**Instructions to follow:** Return the data verbatim, without pictures.
--- Data records Enclosed Below ---
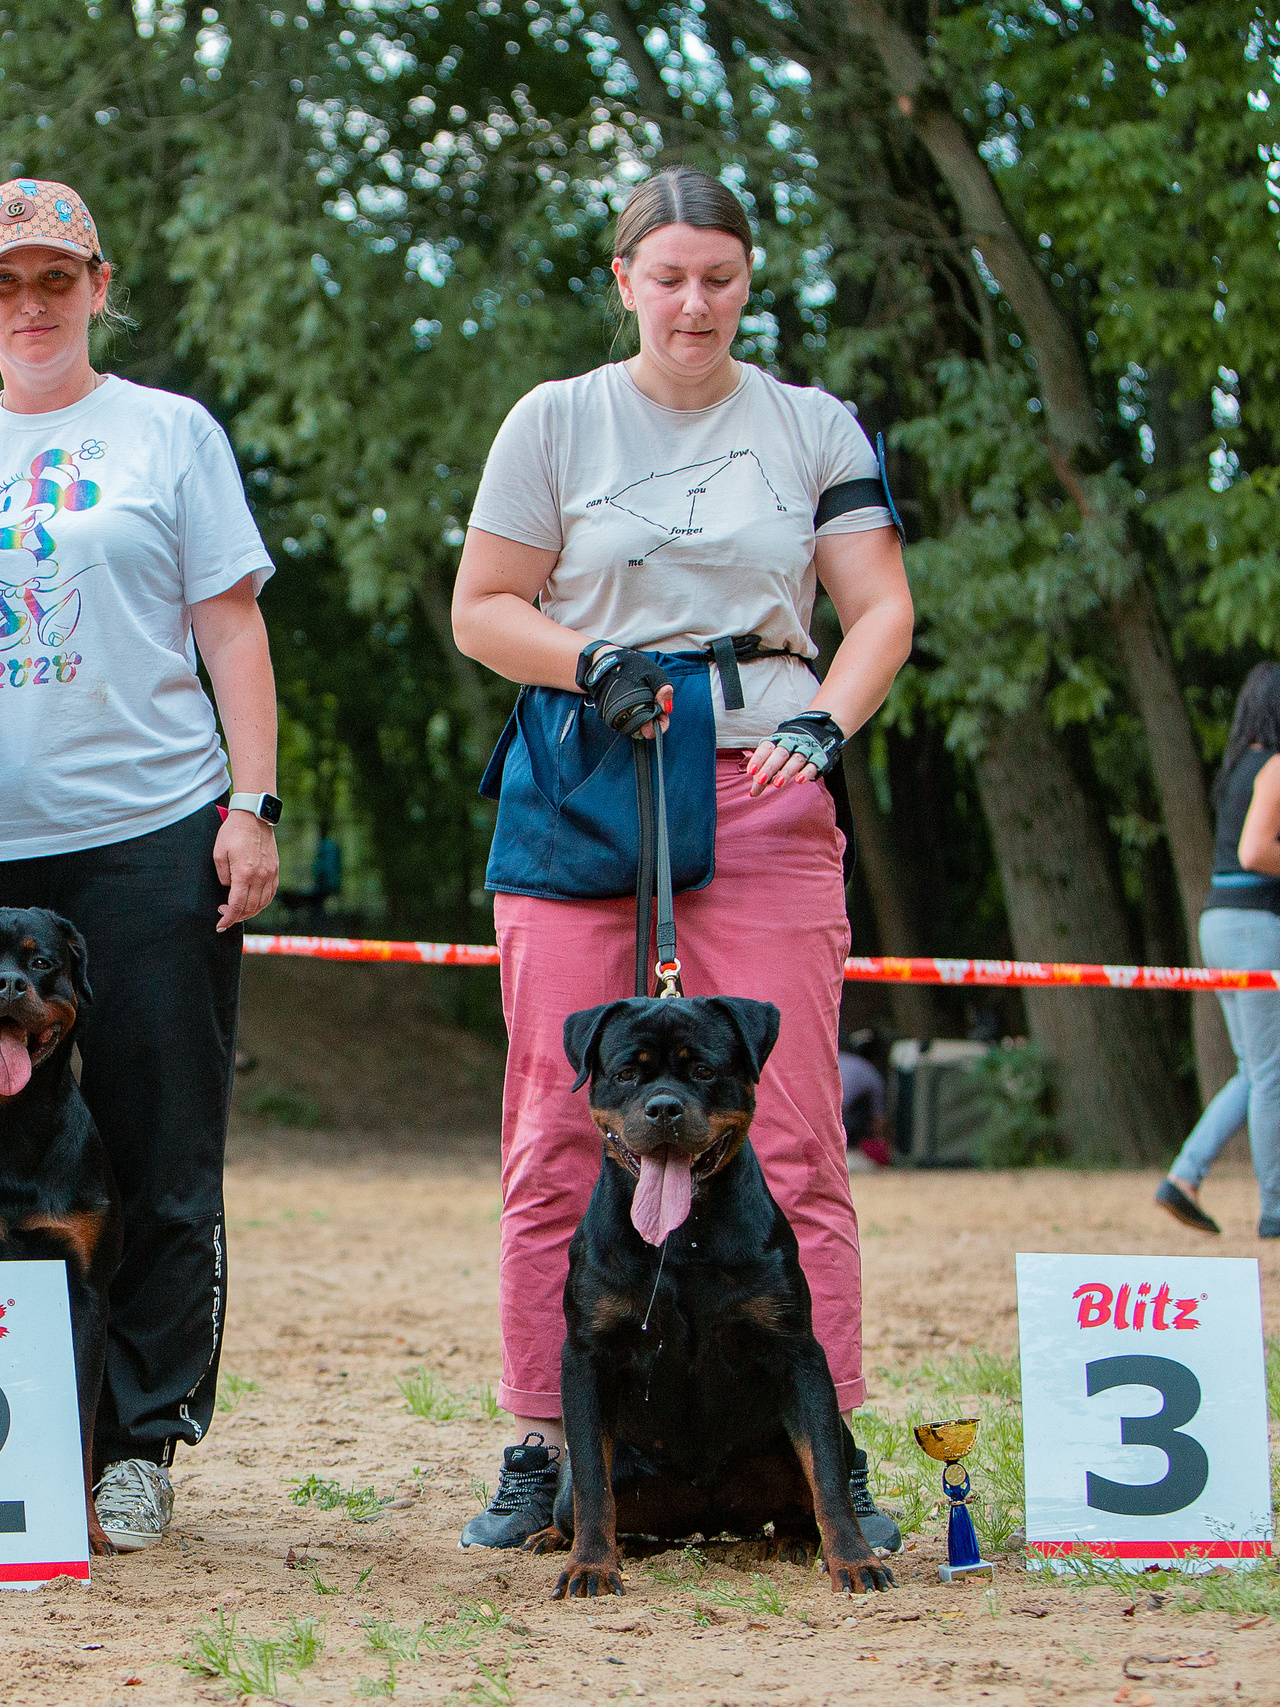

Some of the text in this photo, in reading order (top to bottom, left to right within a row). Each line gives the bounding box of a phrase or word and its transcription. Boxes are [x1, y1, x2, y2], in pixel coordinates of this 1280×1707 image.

[729, 448, 750, 459] love
[686, 486, 707, 497] you
[668, 526, 704, 536] forget
[628, 557, 644, 567] me
[1072, 1281, 1202, 1332] Blitz
[1085, 1354, 1210, 1517] 3
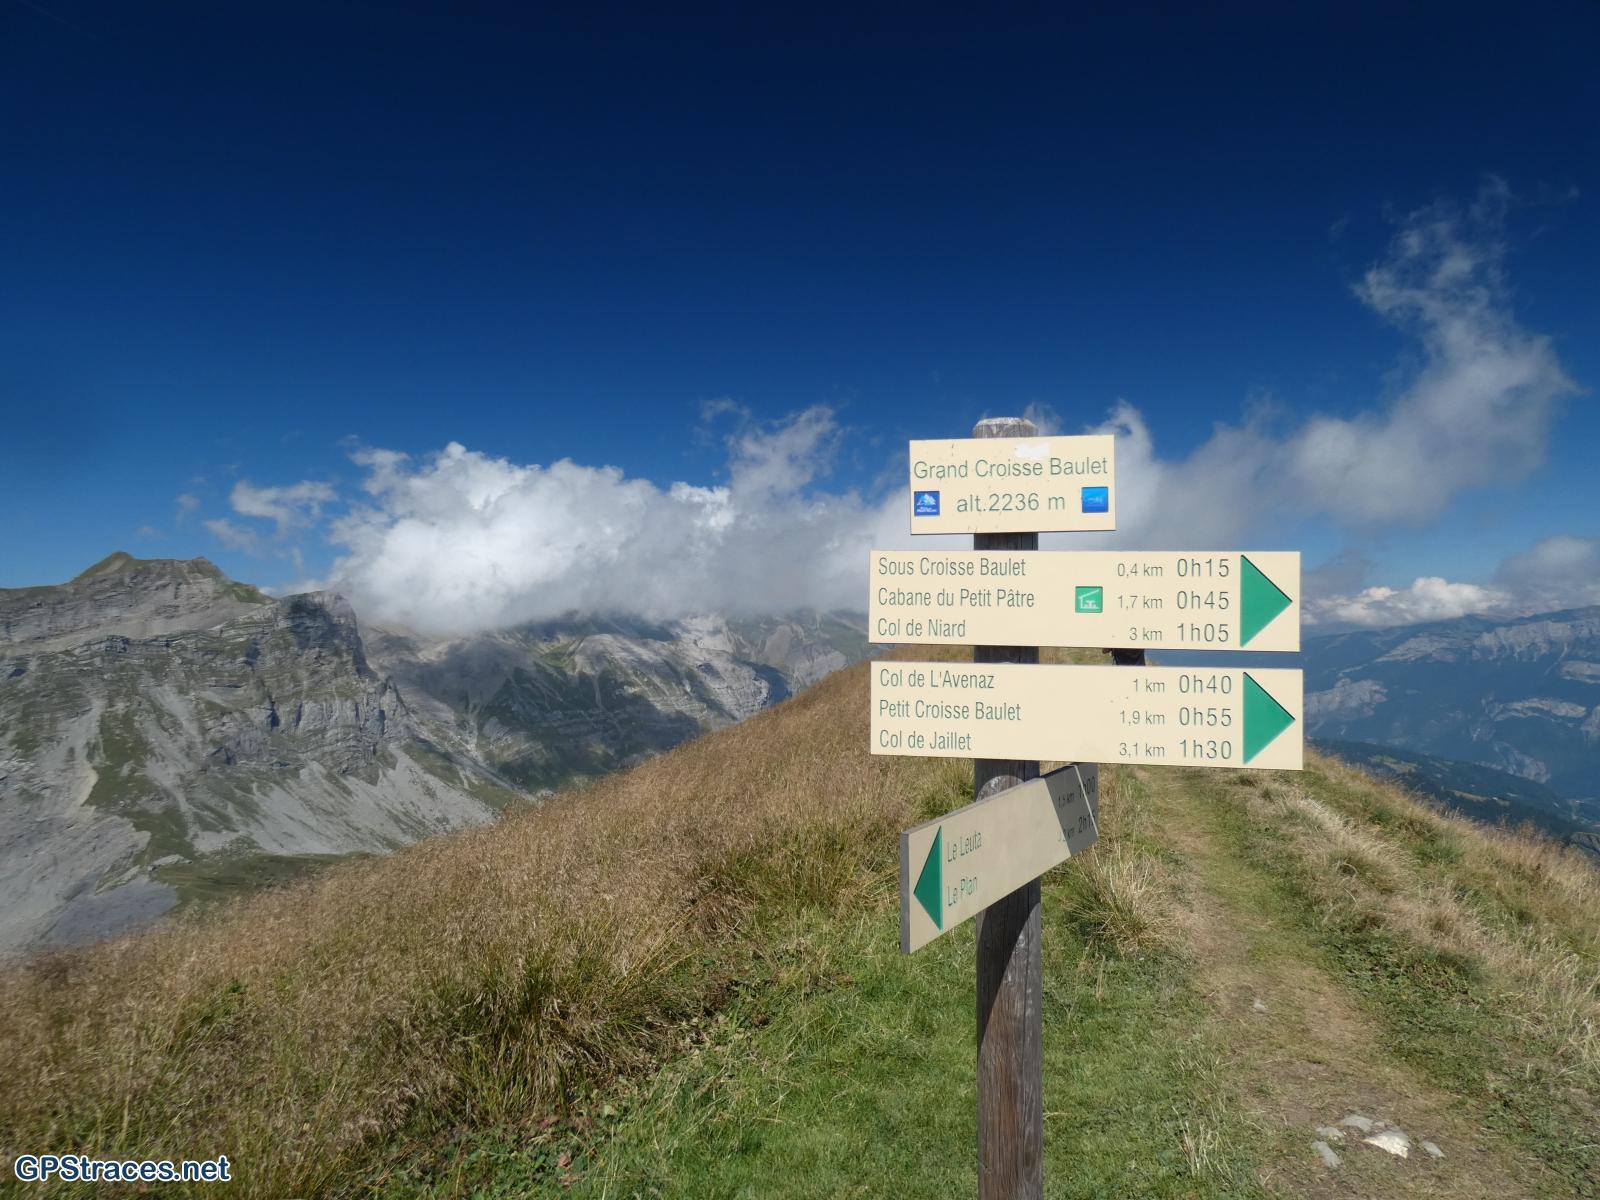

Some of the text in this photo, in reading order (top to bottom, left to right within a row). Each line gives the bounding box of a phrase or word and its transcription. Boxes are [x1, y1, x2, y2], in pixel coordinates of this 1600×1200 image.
--- End of Enclosed Data records ---
**Response:**
Some of the text in this photo, in reading order (top to bottom, left to right within a row). Each line gives the bounding box of a phrase or word and its transcription. Boxes are [x1, y1, x2, y2], in pixel coordinates of this 1280×1707 image.

[729, 448, 750, 459] love
[686, 486, 707, 497] you
[668, 526, 704, 536] forget
[628, 557, 644, 567] me
[1072, 1281, 1202, 1332] Blitz
[1085, 1354, 1210, 1517] 3

Some of the text in this photo, in reading order (top to bottom, left to right within a row). Each line gives the bounding box of a phrase or word and its transcription. Boxes are [x1, y1, x2, y2], in pixel coordinates of this 1600×1200 image.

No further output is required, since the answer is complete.